Role implications for attackers
Section titled “Role implications for attackers”| With | You can |
|---|---|
| Subscriber | Profile editing - that’s about it. Sometimes XSS in profile fields propagates. |
| Author | Upload media (the file-upload attack surface in File Upload applies). |
| Editor | Edit any post; if any post template runs PHP-style shortcodes that themes register, you may have shortcode-based code execution. |
| Administrator | Theme editor, plugin upload, plugin editor, install new plugin from a ZIP - multiple direct paths to RCE. |
This means an Author-level compromise is sometimes enough to chain to RCE via an upload-bypass technique in the uploads cluster. Administrator is the cleanest path, but lower roles aren’t useless.
Filesystem locations under Linux
Section titled “Filesystem locations under Linux”For reference when you have shell access:
Webroot: /var/www/html/ (Apache default) /usr/share/nginx/html/ (nginx default) /srv/www/wordpress/ (some distros) /home/<user>/public_html/ (shared hosting)
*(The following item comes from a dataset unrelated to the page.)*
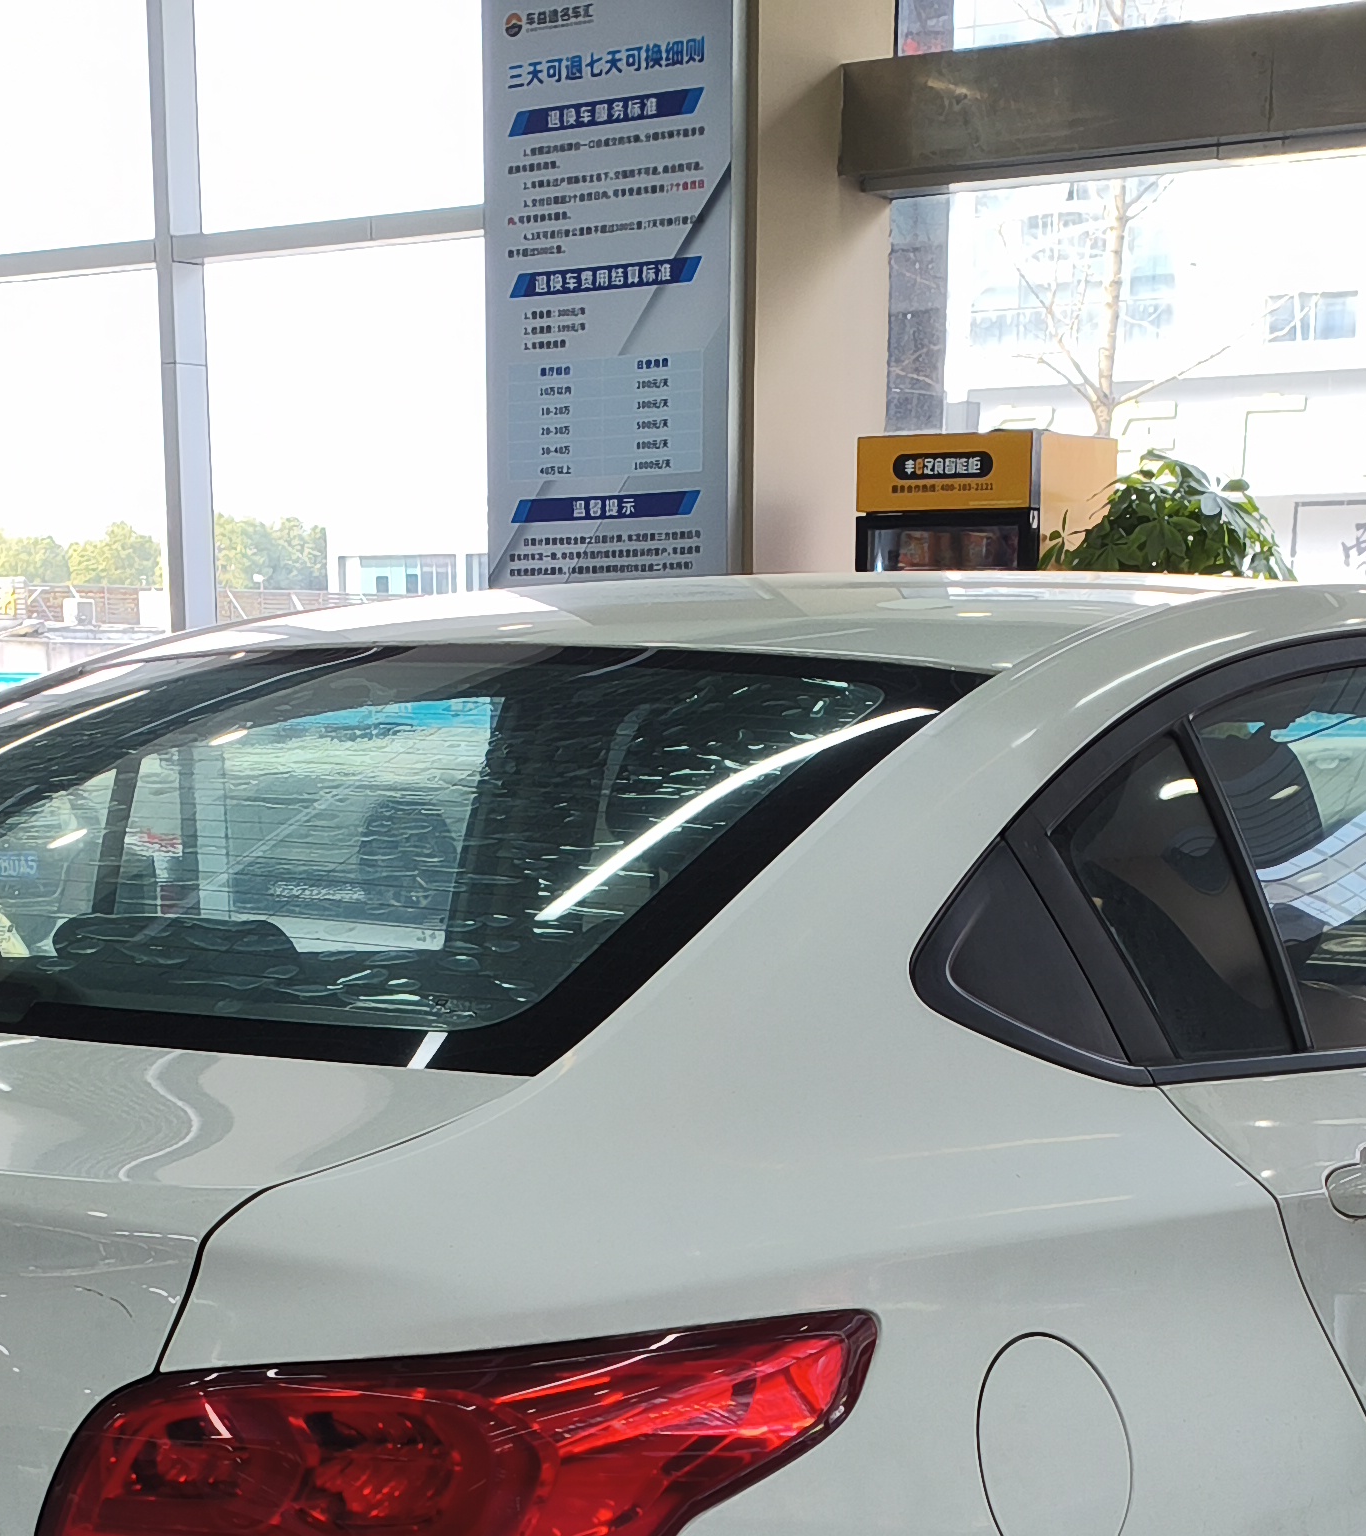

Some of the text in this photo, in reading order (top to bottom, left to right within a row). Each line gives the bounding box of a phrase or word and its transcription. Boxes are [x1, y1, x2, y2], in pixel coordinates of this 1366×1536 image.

Apache config: /etc/apache2/sites-enabled/*.conf /etc/apache2/conf-enabled/*.conf
nginx config: /etc/nginx/sites-enabled/* /etc/nginx/conf.d/*.conf
PHP config: /etc/php/<version>/apache2/php.ini /etc/php/<version>/fpm/php.ini
MySQL data: /var/lib/mysql/ /var/lib/mysql/<wp_db_name>/wp_users.MYD (MyISAM table data)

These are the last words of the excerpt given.